And the cavity 2 is internally provided with the partition wall 4 for separating the plurality of heating chips 1-1, thereby playing a good role in isolation and shielding. At least one partition wall 4 is provided in the cavity 2 to partition at least two channels for mounting different chips, wherein the chips may be the heat generating chips 1-1 or may include other chips. The partition wall 4 does not need to completely isolate the cavity 2 from two independent spaces, and mainly adds a barrier between two chips with possible signal interference, which can have the effect of prolonging the interference distance. It should be noted that it is not necessary to separate all the heat generating chips 1-1, and the heat generating chips 1-1 that are far away from each other may be separated or not separated.

The partition wall 4 protrudes in the thickness direction of the heating chip 1-1 to form a platform shape, and can conduct heat outwards from the table top 4-2, namely, can radiate heat from the table top 4-2, and when the heat dissipation device is used, a heat dissipation part, such as a heat dissipation plate 7, can be installed at the table top 4-2 to dissipate heat.

Wherein, the partition wall 4 needs to be arranged through in the thickness direction of the heat generating chip 1-1 because of signal isolation between the heat generating chips 1-1, that is, in the thickness direction of the heat generating chip 1-1, one part of the partition wall 4 is positioned at a first side in the thickness direction of the heat generating chip 1-1, and the other part is positioned at a second side in the thickness direction of the heat generating chip 1-1. As described above, the partition wall 4 protrudes in the thickness direction of the heat generating chip 1-1 to form the mesa 4-2, for example, the mesa 4-2 of the heat generating chip 1-1 is located at the first side of the thickness direction of the heat generating chip 1-1 for abutting against the heat dissipating member. And the root of the partition wall 4 is located at the second side of the thickness direction of the heat generating chip 1-1. So that the partition wall 4 can transfer heat of the heat generating chip 1-1 from one side in the thickness direction to the other side in the thickness direction.

Meanwhile, heat is conducted between the partition wall 4 and the heat sink welding surface 3 to form a heat conducting path, so that when the heat generating chip 1-1 is used, heat is transferred to the heat sink welding surface 3, the heat sink welding surface 3 transfers heat to the partition wall 4, and at the partition wall 4, the heat is transferred from the root of the partition wall 4 to the table top 4-2 of the partition wall 4 and then to the heat radiating part to form the required heat conduction.

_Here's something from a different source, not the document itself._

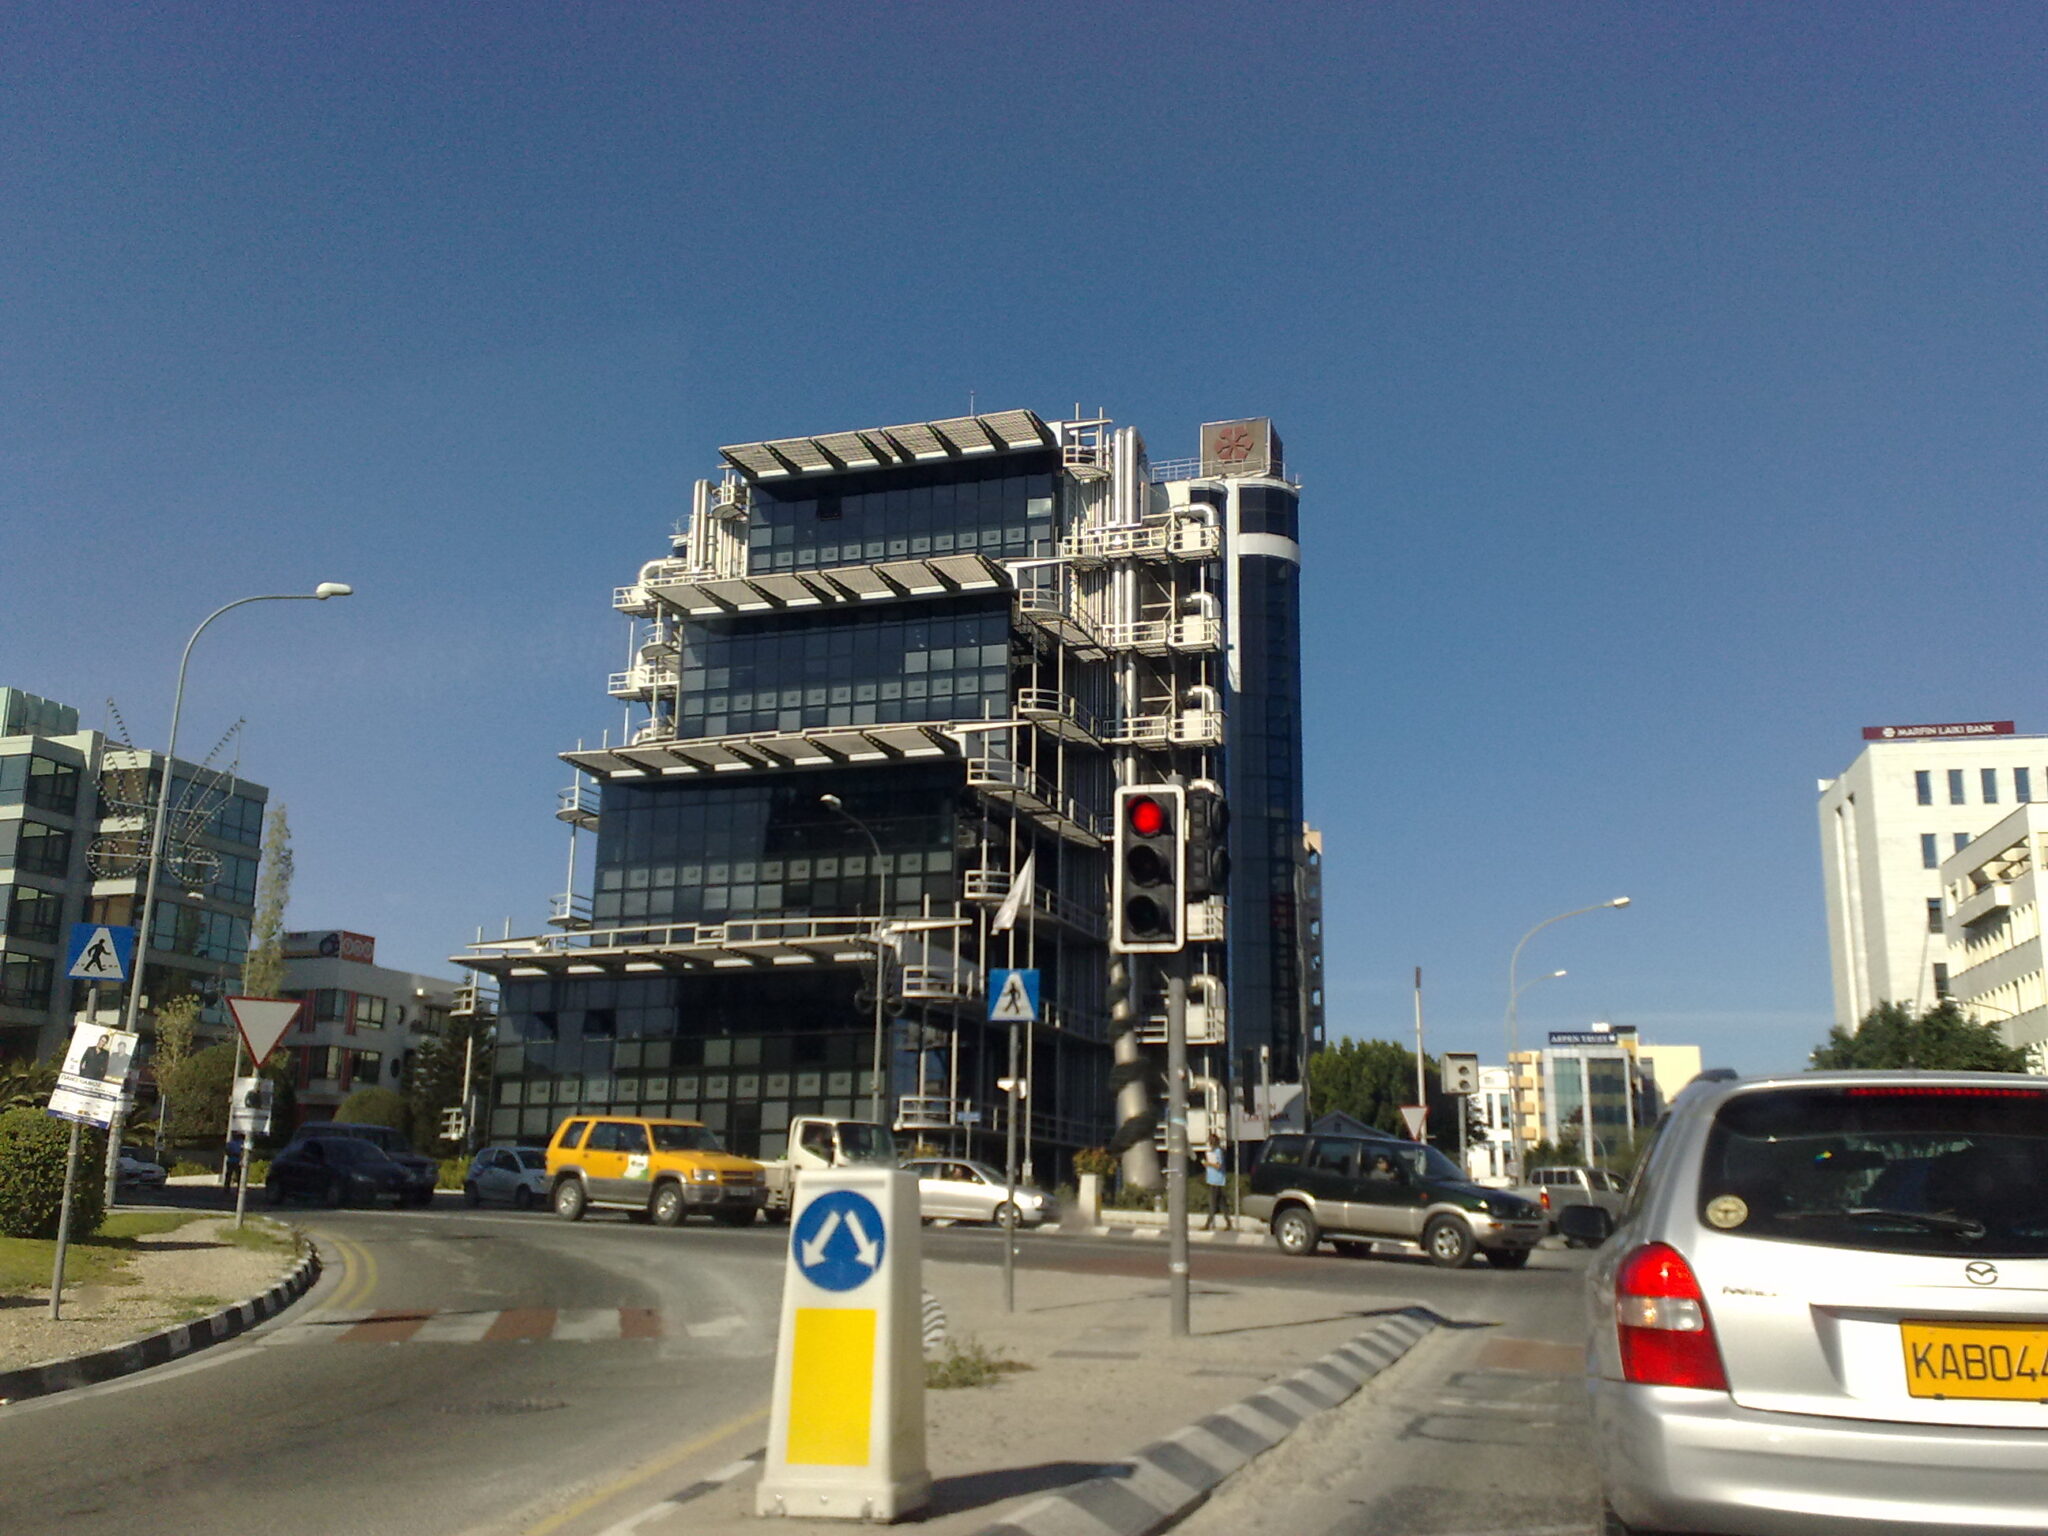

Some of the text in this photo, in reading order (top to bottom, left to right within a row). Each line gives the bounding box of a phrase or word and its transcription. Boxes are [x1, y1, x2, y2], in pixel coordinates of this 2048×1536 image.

In the housing of the above-mentioned transceiver module, the reverse installation is not required at the time of the installation, because the partition wall 4 is protruded in the thickness direction of the heat generating chip 1-1, the heat of the heat generating chip 1-1 can be guided to the other side through the partition wall 4, so that the convenience of the installation is ensured. In the limited space of the volume of the cavity 2, the partition wall 4 is arranged to be a platform type to form a table top 4-2 with a larger area, and meanwhile, the partition wall 4 is in heat conduction contact with the heat sink welding surface 3, so that the partition wall 4 can absorb heat of the heating chip 1-1 guided to the heat sink welding surface 3, and the partition wall 4 can rapidly radiate the heat from the table top 4-2 due to the fact that the partition wall 4 is of the platform type, and therefore the heat radiation requirement can be met. Meanwhile, in summary, the shell can effectively solve the problem that the heat conduction is difficult when the heating chip 1-1 is convenient to install.

In some embodiments, the housing may be formed by assembling a plurality of plates, such as a box, or by combining a slot structure and a cover plate 6, or by other forming methods.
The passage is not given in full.